In both cases, he has refused to budge. He said the tax on imported books was needed to protect the domestic printing industry. And he said people riding electric cars were rich enough to be taxed.
While some say they understand why there may be a case for taxing luxury battery operated cars, it makes no sense to tax imported books.
Educators, students, publishers, booksellers and book lovers in Nepal are outraged, saying that the government ignored UNESCO’s Florence Agreement, which states that no taxes or customs duties can be levied on books and publications.
And, ironically, it looks like Nepal’s Communist government doesn’t like books by leftists. In February, Tri-Chandra College student Sudal Rai was accosted by three police officers, when he was quietly reading a book in the college library. Police found in his bag the book From Bihar to Tihar by Indian leftist student leader turned politician Kanhaiya Kumar and arrested him.
“You cannot arrest a person for reading a book, it is harassment and a restriction on the freedom of knowledge, but it exposed the government's attitude on books,” says Nabin Tiwari, who with two other friends staged a week-long protest ‘Make Books Tax-free’ protest at Patan Darbar Square. “Books are not like other commodities that you can tax.”
That protest had to end because of the COVID-19 lockdown, but Tiwari and his team are still lobbying to have the book tax lifted – so far without any result.
Managing Director of Ekta Books, Ram Chandra Timothy, says his store has been badly hit first by the tax on imported books, and now by the lockdown and closure of schools. He says the 10% tax is just the tip of the iceberg because there is also an Indian tax of 5%, and there are additional costs which prices books out of range of most buyers.
“The 10% tax may seem small, but we have to bear additional costs that makes each book 33% costlier,” says Timothy, who is the past president of the National Booksellers' & Publishers' Association of Nepal.
Wisdom Book Store in Patan is also struggling due to the double whammy of the tax and lockdown, and has not received any new inventory since last year. The shelves are empty and customers turn away disappointed. Owner Bipin Audhiya says: “Our Indian suppliers have bluntly said 2020 ko toh bhool jao, kuch book nahi aayega. (Forget 2020, you won’t get any books this year).”
Most affected are the students who rely heavily on international text books for science and other subjects, which are mostly imported via India.
“Nepal imports 90% of its books from India. There is no way Nepali publishers have the capacity to print these books, and it is going to affect our education system,” says activist Tiwari. “How can Nepali students pay $50 for a book?”

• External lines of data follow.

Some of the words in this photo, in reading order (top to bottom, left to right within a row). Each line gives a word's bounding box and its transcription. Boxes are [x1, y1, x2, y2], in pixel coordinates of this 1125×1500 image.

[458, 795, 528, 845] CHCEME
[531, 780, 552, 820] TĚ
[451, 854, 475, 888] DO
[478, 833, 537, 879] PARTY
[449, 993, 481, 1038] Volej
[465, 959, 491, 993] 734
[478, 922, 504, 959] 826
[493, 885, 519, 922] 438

Basanta Basnet, the former editor of Nepal weekly magazine says a customs duty on books is absurd and unfair. He adds, “A book culture was beginning to take hold in Nepal, now knowledge has become unaffordable. Books are being taxed while chocolates are being susbidised?”

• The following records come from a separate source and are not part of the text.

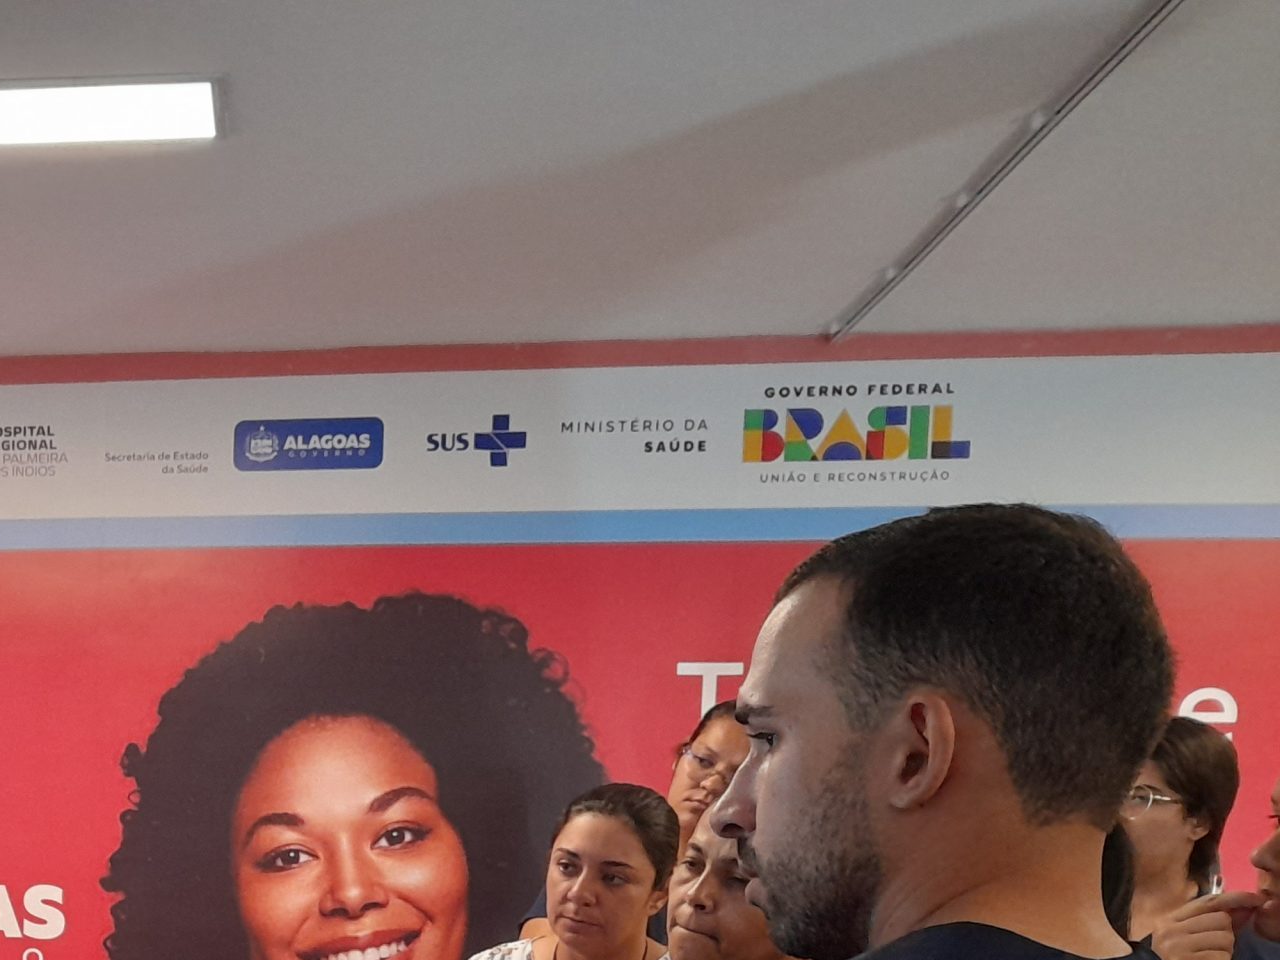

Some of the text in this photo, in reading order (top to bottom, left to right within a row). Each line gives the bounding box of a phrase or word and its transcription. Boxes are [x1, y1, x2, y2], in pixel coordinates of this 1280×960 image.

[764, 383, 955, 398] GOVERNO FEDERAL
[561, 417, 709, 433] MINISTÉRIO DA
[283, 433, 371, 450] ALAGOAS
[426, 432, 469, 451] SUS
[742, 405, 971, 463] BRASIL
[644, 437, 707, 453] SAÚDE
[2, 451, 69, 464] PALMEIRA
[104, 451, 209, 462] Secretaria de Estado
[288, 450, 366, 459] GOVERNO
[161, 464, 209, 474] da Saúde
[760, 469, 950, 484] UNIÃO E RECONSTRUÇÃO
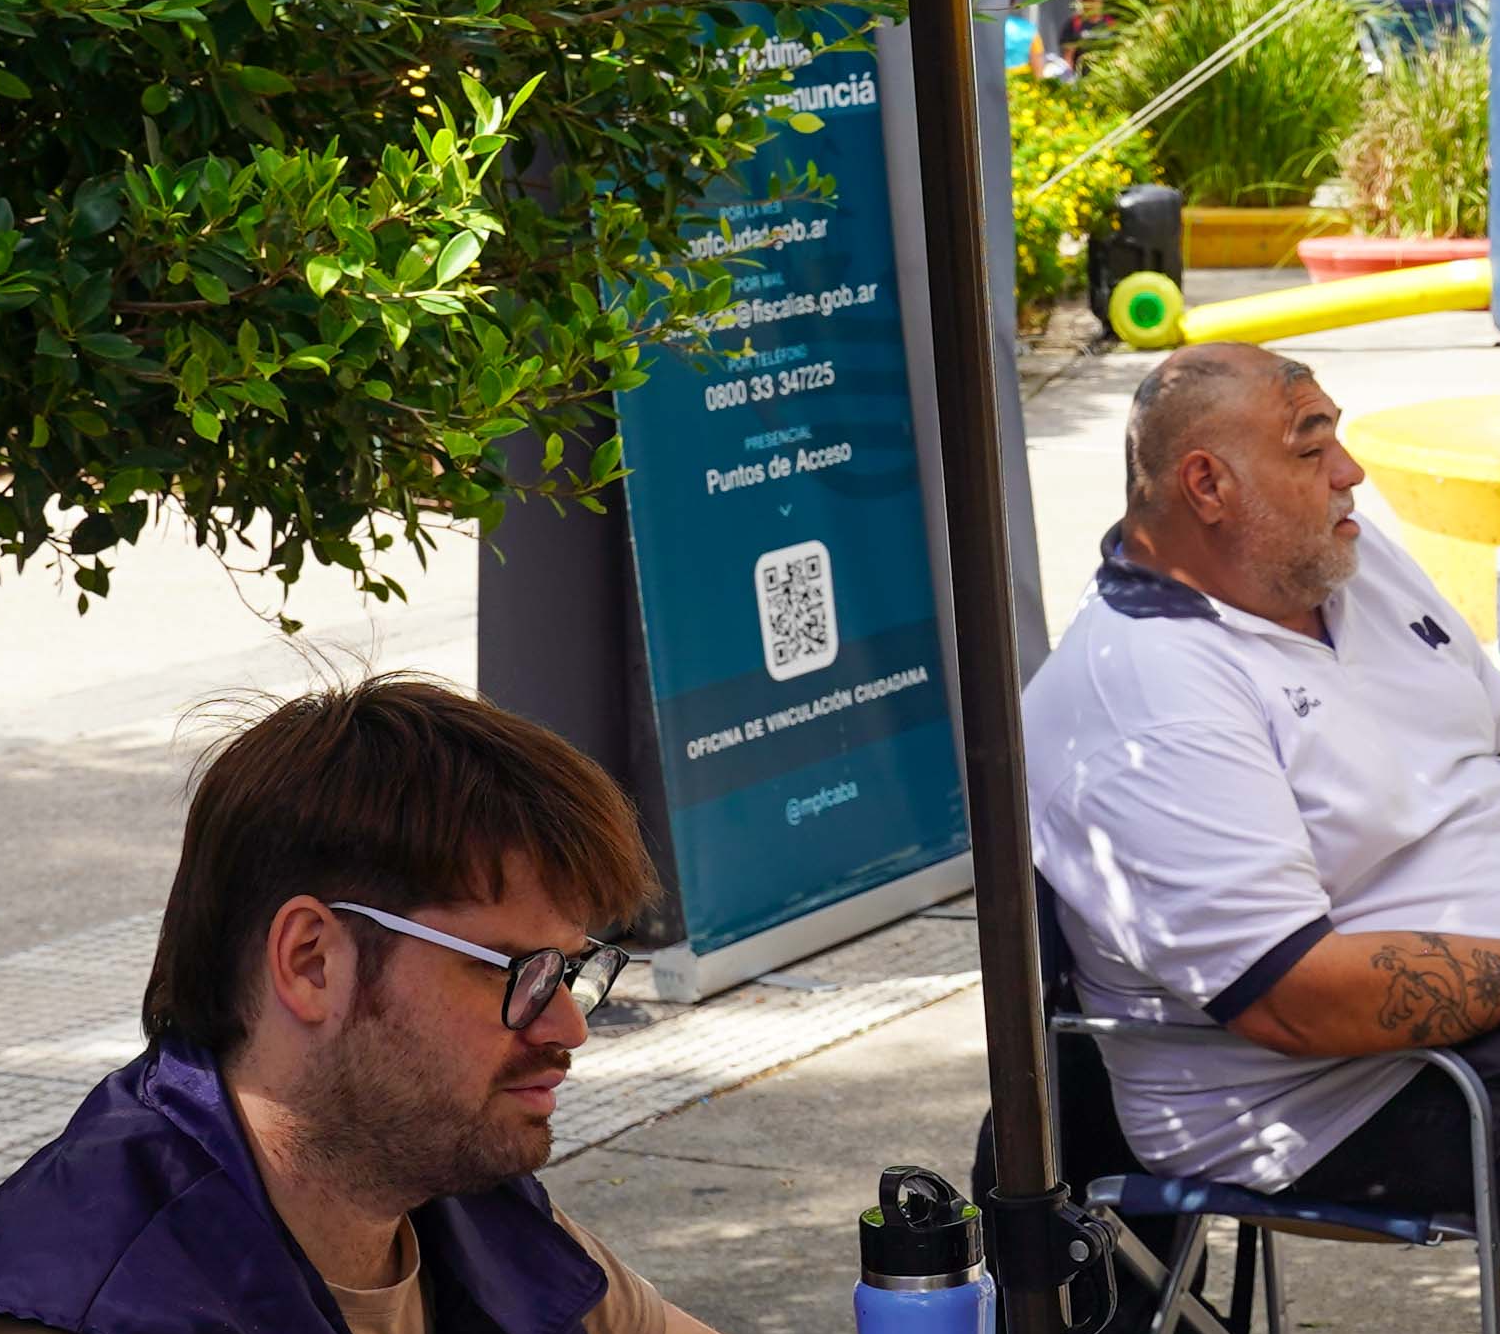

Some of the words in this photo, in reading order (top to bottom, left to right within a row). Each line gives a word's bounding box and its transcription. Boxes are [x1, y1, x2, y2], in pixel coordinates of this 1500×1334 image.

[705, 379, 748, 412] 0800
[750, 373, 775, 402] 33
[705, 464, 766, 495] Puntos
[768, 454, 792, 480] de
[795, 442, 853, 473] Acceso
[686, 725, 745, 761] OFICINA
[744, 717, 766, 741] DE
[764, 687, 853, 734] VINCULACIÓN
[853, 665, 929, 704] CIUDADANA

In this year’s budget speech, besides increasing the tax on electric vehciles, Minister Khatiwada reduced the tax on imported chocolates, reportedly at the behest of a large trading company.
Kiran Krishna Shrestha, publisher of Nepalaya Books, says all the benefit of a customs duty on books will be reaped by Nepal’s printing presses and not publishers and readers. He calls the book tax “illogical” and says it will directly affect readership.
The customs duty is based not on the sales value but on the invoice value of books, and a book with a $40 price tag printing on its back cover will be taxed on that amount and not on the actual shelf price.
“The whole question is whether you consider a book a commercial product or part of the knowledge industry,” Shrestha explains.
Nabin Tiwari argues that levying a duty on books restricts freedom of knowledge, and this is tantamount to muzzling freedom of expression of citizens. He adds: “What example do we want to set out in the world? It all depends what the government does now.”